Work to complete. Copy all lines below exactly as written. Leave pictures out.

Extracted records.
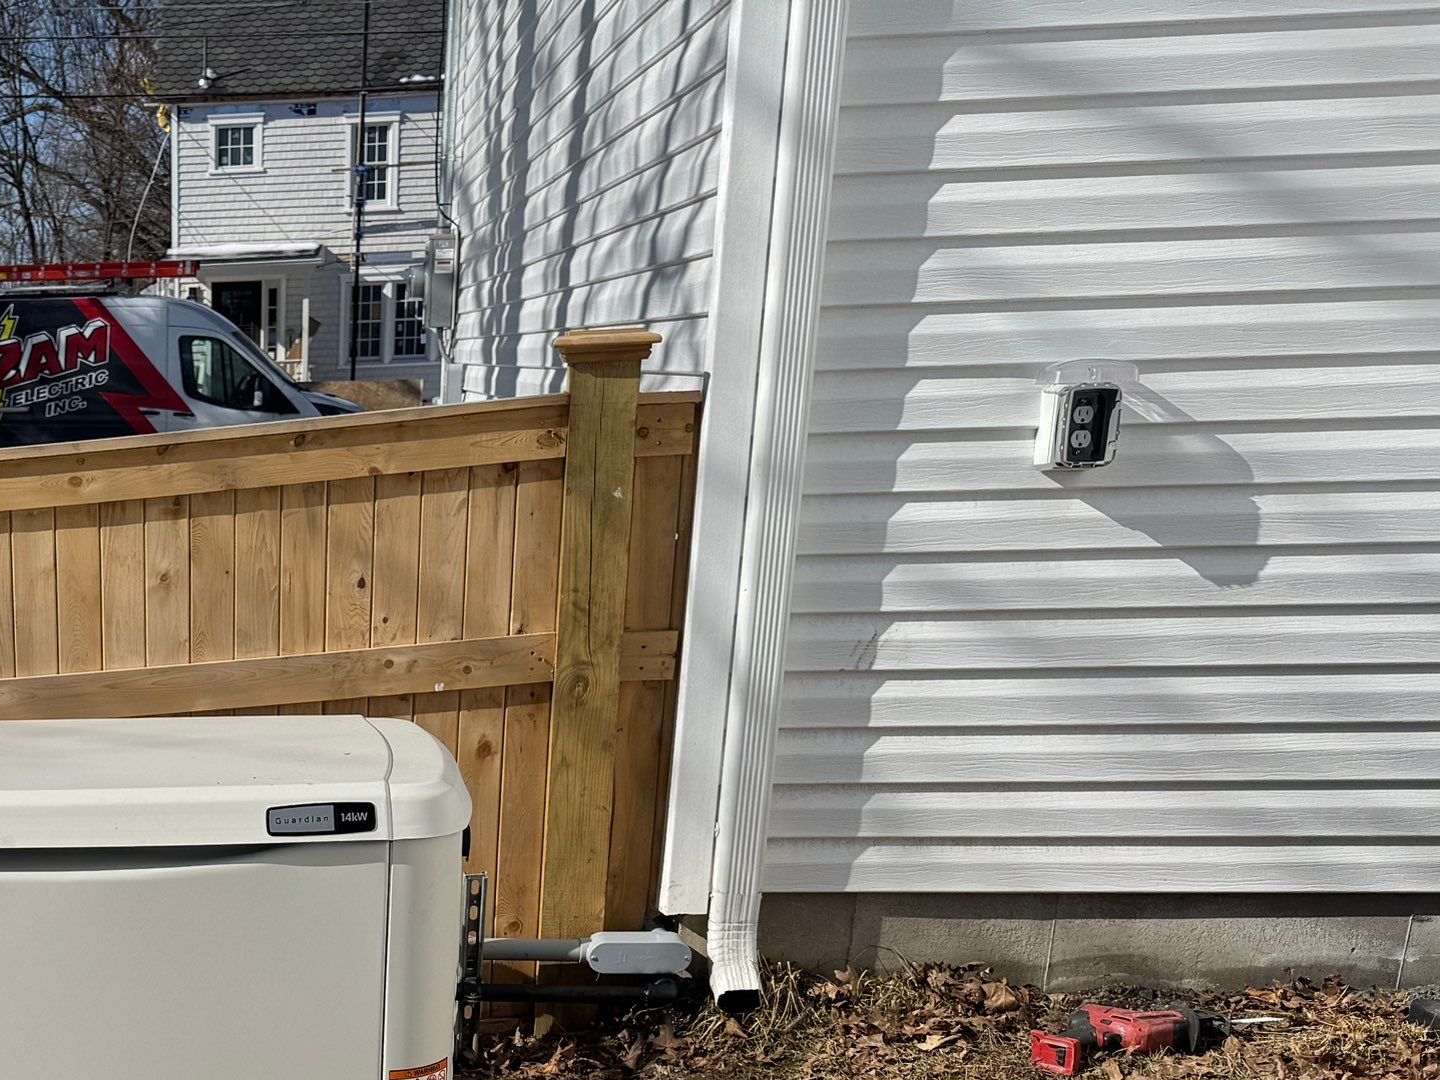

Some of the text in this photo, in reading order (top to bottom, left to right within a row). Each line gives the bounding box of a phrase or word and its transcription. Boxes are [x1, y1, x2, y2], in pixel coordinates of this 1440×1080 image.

[10, 369, 110, 408] ELECTRIC
[45, 396, 88, 417] INC.
[275, 811, 368, 825] Guardian 14kW
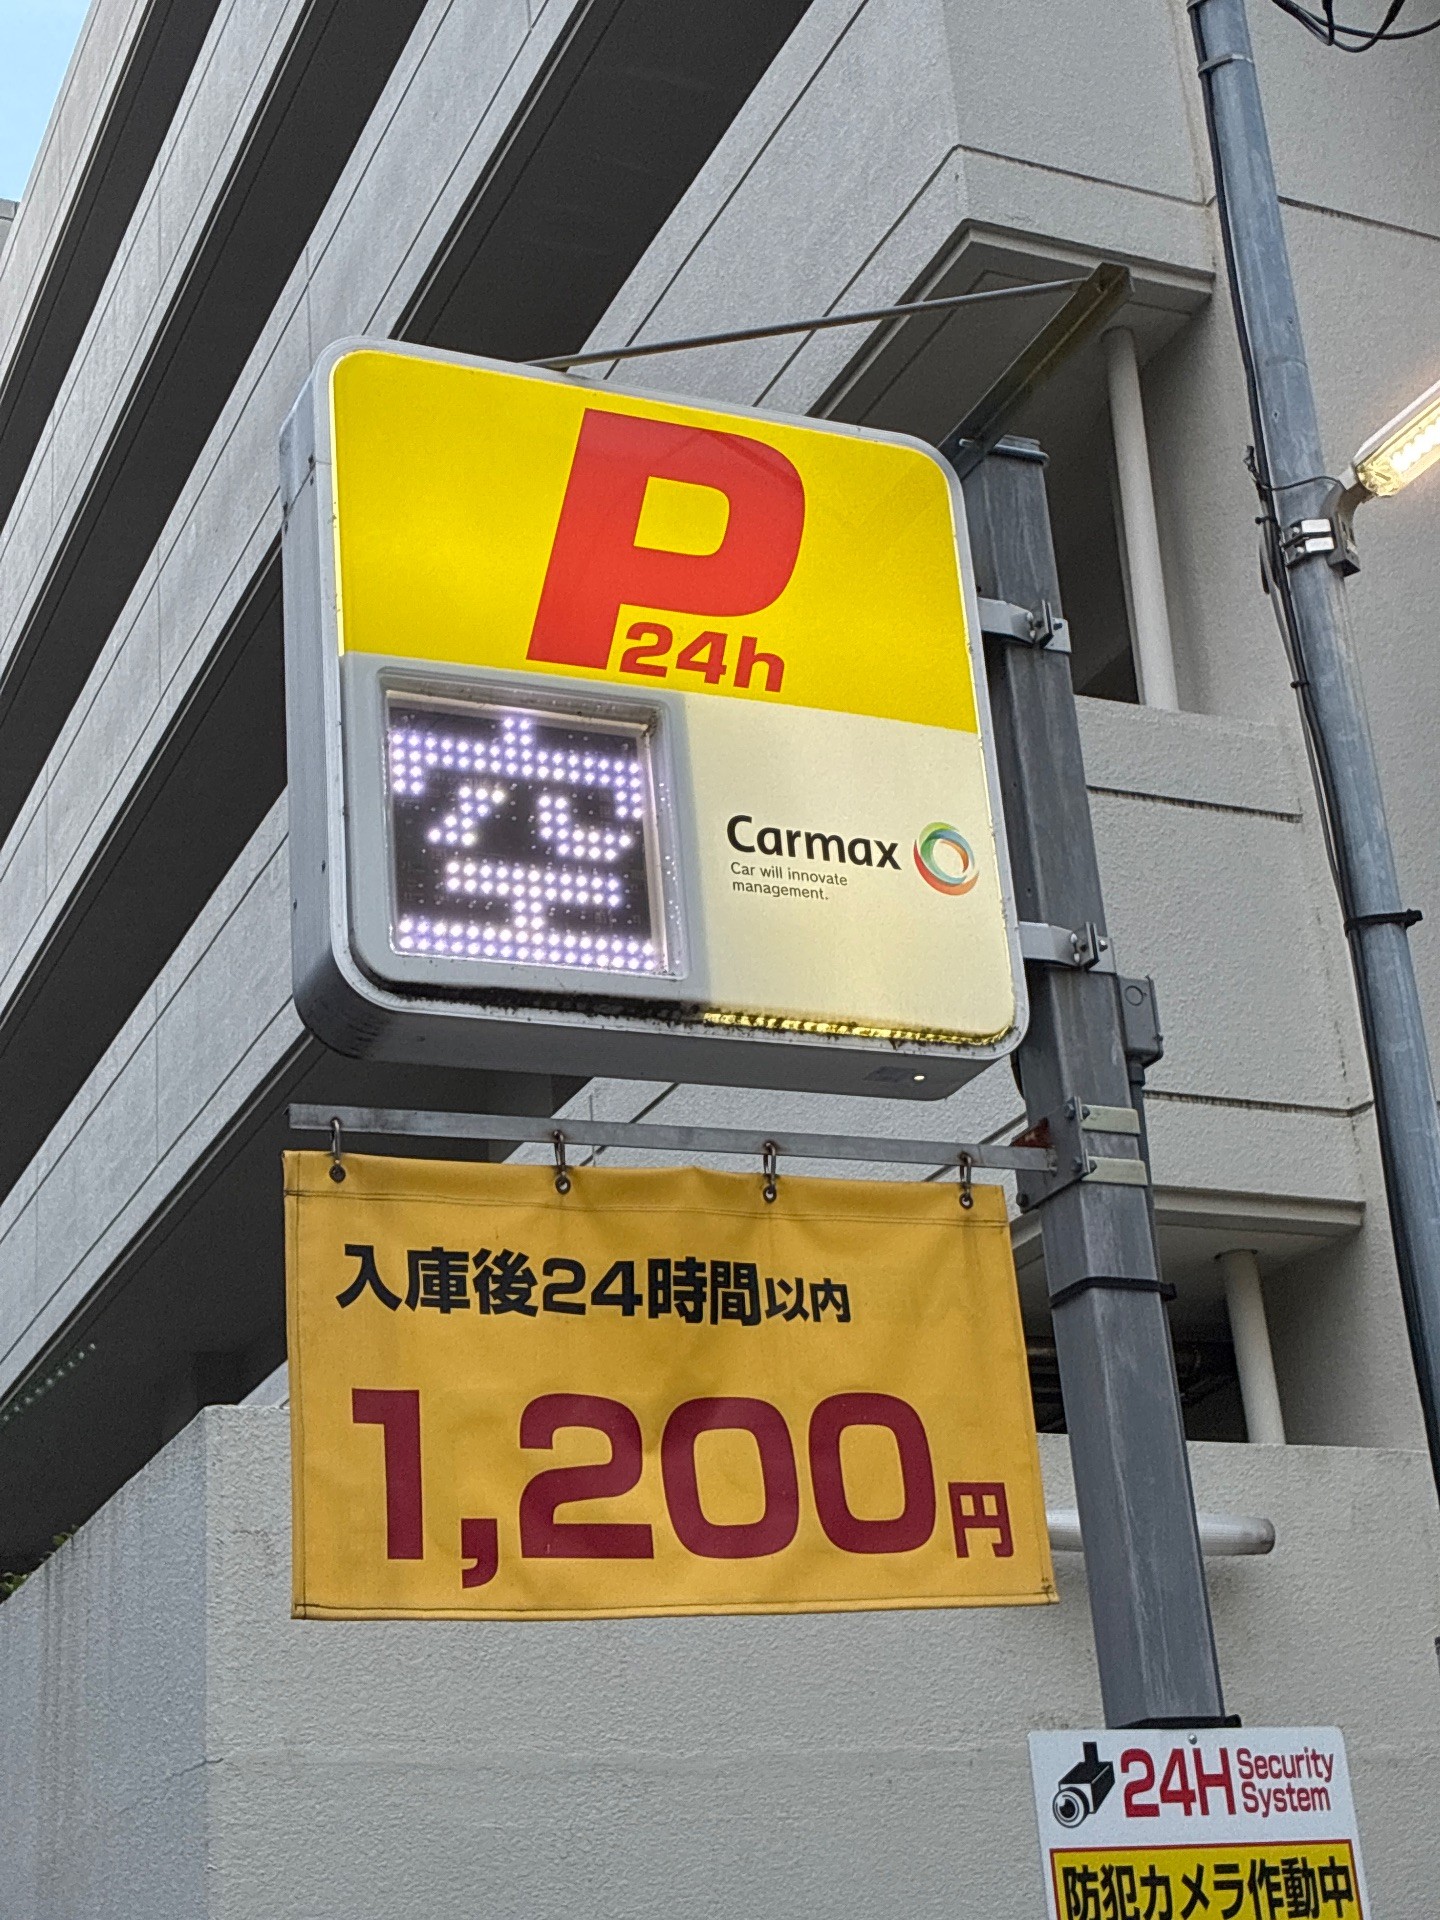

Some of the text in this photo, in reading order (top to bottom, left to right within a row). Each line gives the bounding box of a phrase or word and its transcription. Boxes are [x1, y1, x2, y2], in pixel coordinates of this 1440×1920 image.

Written response.
Some of the text in this photo, in reading order (top to bottom, left to right within a row). Each line gives the bounding box of a phrase or word and its transcription. Boxes are [x1, y1, x2, y2], in pixel coordinates of this 1440×1080 image.

[10, 369, 110, 408] ELECTRIC
[45, 396, 88, 417] INC.
[275, 811, 368, 825] Guardian 14kW

Some of the text in this photo, in reading order (top to bottom, left to right within a row). Each line gives the bounding box of a phrase or word and its transcription. Boxes are [x1, y1, x2, y2], in pixel coordinates of this 1440×1920 image.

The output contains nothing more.